_PROBLEM TO SOLVE_
Here is the task for the records below: repeat exactly the lines from the one with "Some of the words" to the one with "this 1500×1000 image.", both included, and nothing else.
**********
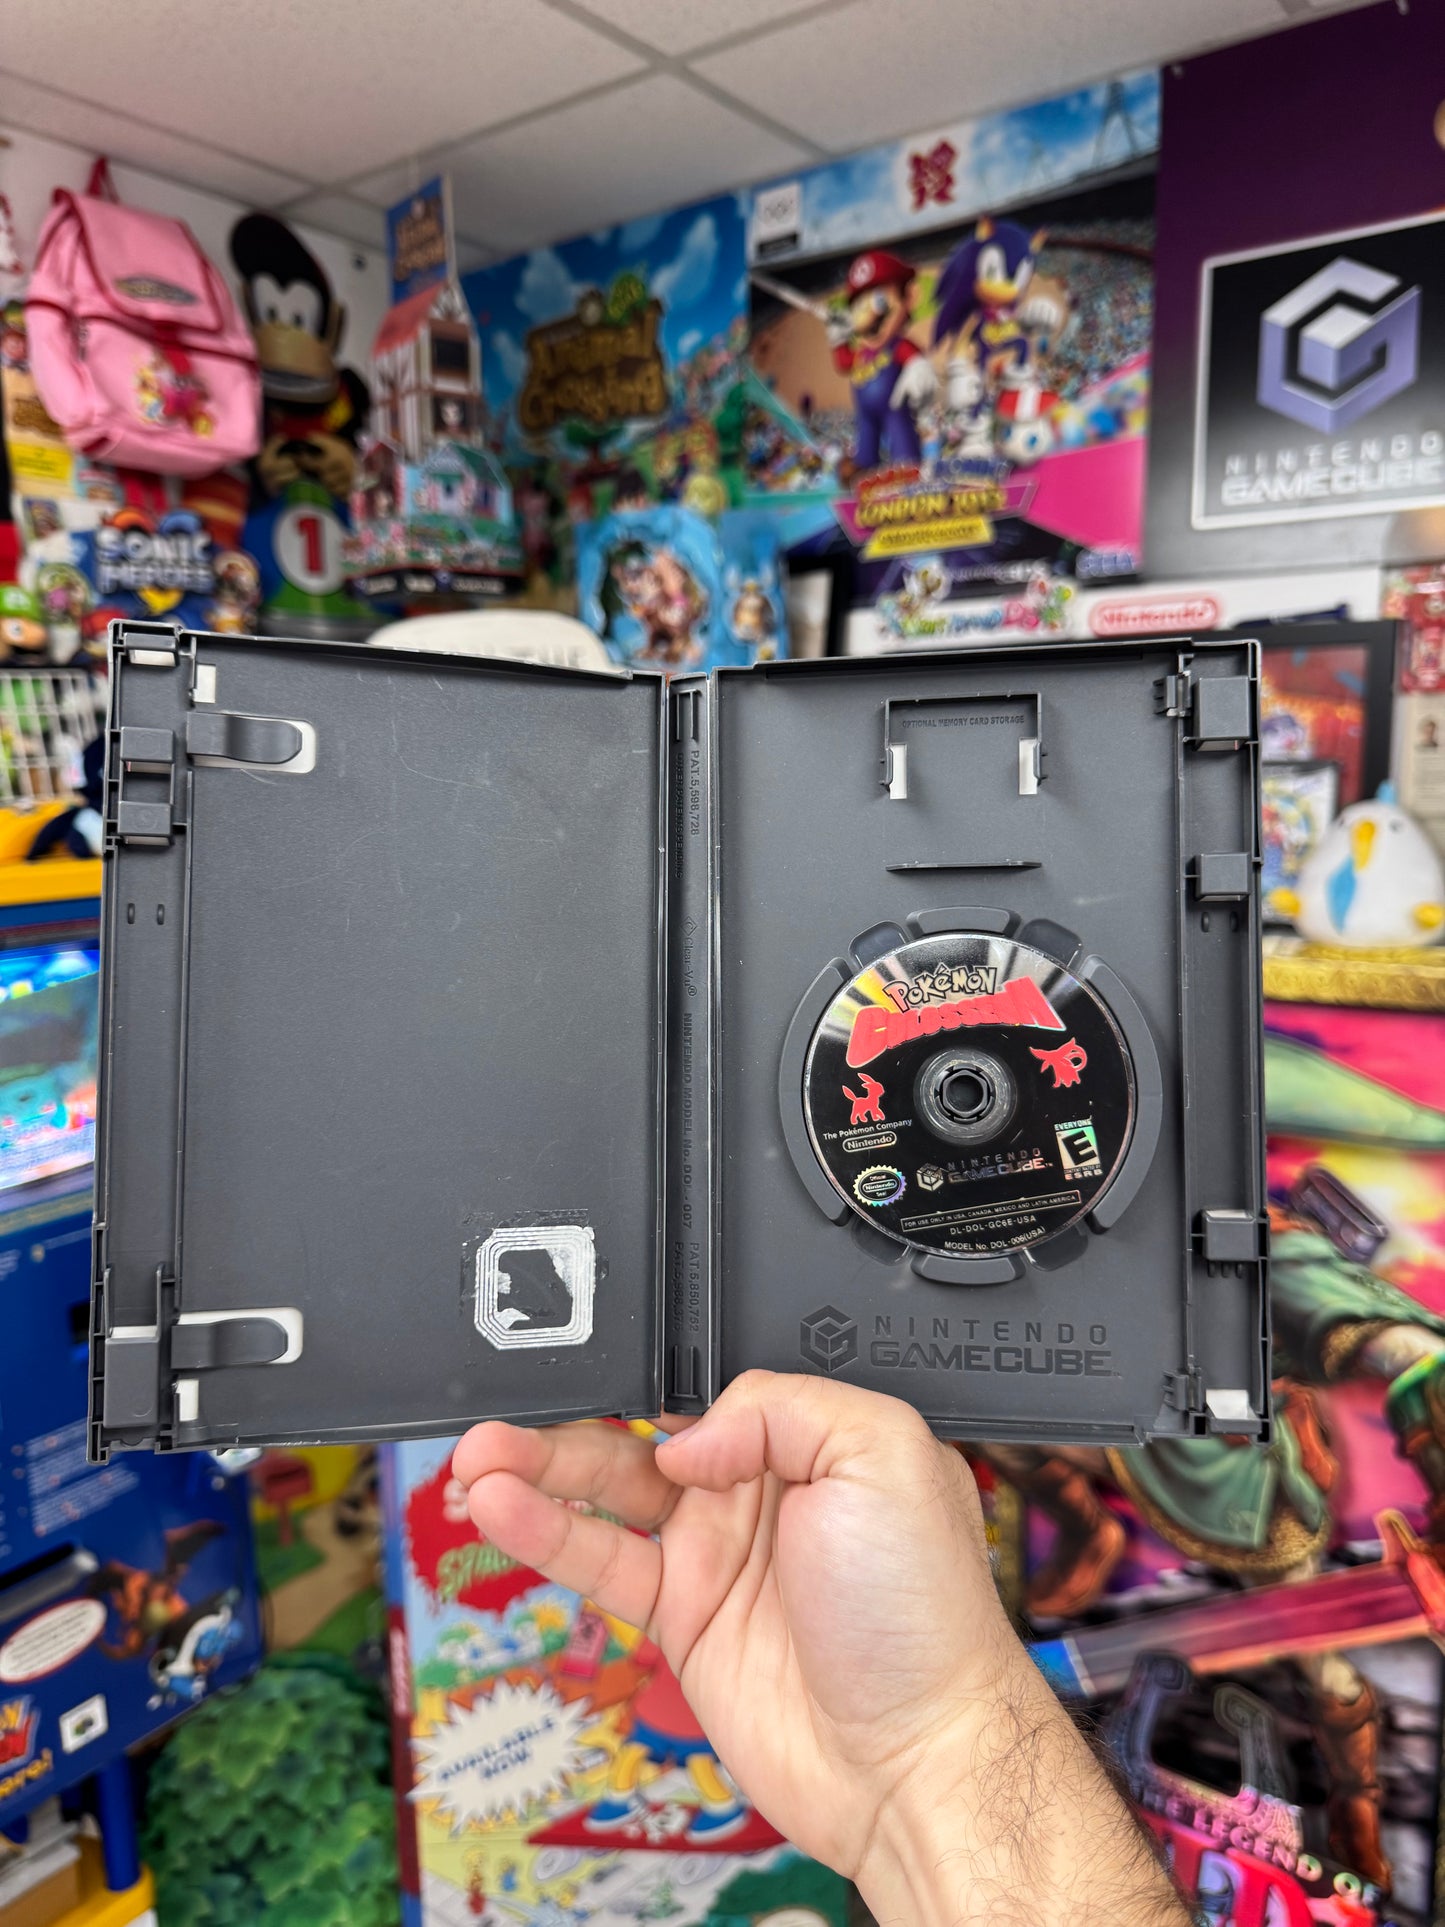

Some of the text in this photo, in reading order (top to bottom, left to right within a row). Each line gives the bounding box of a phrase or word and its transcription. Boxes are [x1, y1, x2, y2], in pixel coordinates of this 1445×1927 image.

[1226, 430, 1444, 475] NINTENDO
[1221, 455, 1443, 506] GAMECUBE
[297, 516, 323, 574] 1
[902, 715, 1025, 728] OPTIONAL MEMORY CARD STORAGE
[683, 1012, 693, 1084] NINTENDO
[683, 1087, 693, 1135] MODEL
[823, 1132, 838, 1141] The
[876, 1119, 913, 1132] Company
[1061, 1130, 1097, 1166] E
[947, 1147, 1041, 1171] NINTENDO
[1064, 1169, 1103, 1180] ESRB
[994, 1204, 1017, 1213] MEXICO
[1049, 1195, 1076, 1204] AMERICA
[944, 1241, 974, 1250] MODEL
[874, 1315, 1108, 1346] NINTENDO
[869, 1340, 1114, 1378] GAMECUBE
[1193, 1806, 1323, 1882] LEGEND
**********
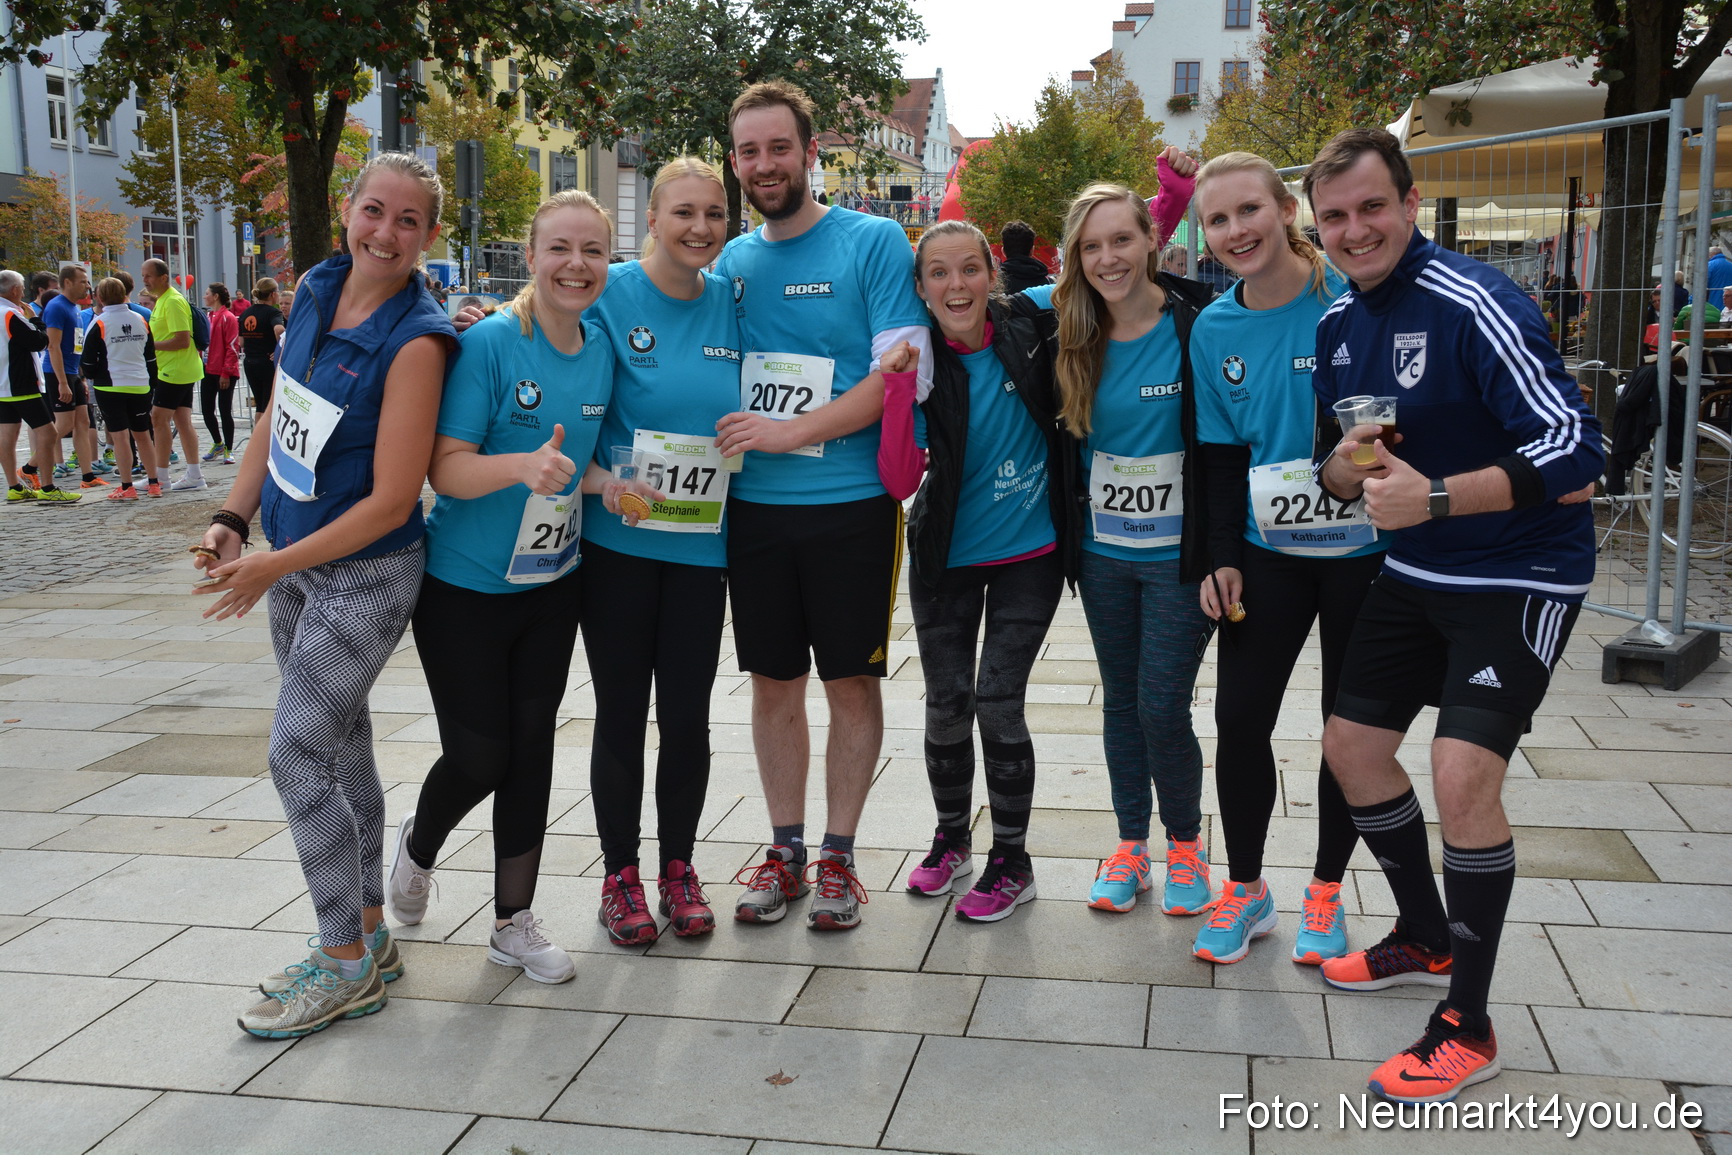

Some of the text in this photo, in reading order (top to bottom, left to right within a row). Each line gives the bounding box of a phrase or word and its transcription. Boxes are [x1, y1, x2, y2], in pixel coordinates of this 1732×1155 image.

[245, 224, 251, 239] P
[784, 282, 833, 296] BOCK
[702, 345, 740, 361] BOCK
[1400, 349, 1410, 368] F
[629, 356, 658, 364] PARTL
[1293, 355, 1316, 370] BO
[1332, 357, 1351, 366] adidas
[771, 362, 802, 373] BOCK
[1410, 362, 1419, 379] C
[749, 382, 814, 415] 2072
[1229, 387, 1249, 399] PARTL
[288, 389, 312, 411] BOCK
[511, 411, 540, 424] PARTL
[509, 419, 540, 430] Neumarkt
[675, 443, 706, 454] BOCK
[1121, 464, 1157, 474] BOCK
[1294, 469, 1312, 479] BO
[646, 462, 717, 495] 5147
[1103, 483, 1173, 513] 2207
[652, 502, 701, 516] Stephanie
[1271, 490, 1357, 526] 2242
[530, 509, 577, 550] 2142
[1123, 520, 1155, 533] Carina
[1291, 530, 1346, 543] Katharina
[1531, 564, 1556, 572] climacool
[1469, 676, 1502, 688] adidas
**********
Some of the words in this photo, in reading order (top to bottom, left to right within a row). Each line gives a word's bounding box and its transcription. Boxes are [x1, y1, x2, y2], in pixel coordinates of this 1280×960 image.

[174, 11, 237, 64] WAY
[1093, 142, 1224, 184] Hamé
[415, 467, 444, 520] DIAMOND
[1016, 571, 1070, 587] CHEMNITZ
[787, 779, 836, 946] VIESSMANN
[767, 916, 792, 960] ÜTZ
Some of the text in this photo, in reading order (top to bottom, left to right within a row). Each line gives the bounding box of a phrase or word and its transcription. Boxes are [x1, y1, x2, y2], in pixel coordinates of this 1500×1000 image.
**********
_SOLUTION TO THIS EXERCISE_
Some of the words in this photo, in reading order (top to bottom, left to right within a row). Each line gives a word's bounding box and its transcription. Boxes are [x1, y1, x2, y2], in pixel coordinates of this 1280×960 image.

[174, 11, 237, 64] WAY
[1093, 142, 1224, 184] Hamé
[415, 467, 444, 520] DIAMOND
[1016, 571, 1070, 587] CHEMNITZ
[787, 779, 836, 946] VIESSMANN
[767, 916, 792, 960] ÜTZ
Some of the text in this photo, in reading order (top to bottom, left to right within a row). Each line gives the bounding box of a phrase or word and its transcription. Boxes are [x1, y1, x2, y2], in pixel coordinates of this 1500×1000 image.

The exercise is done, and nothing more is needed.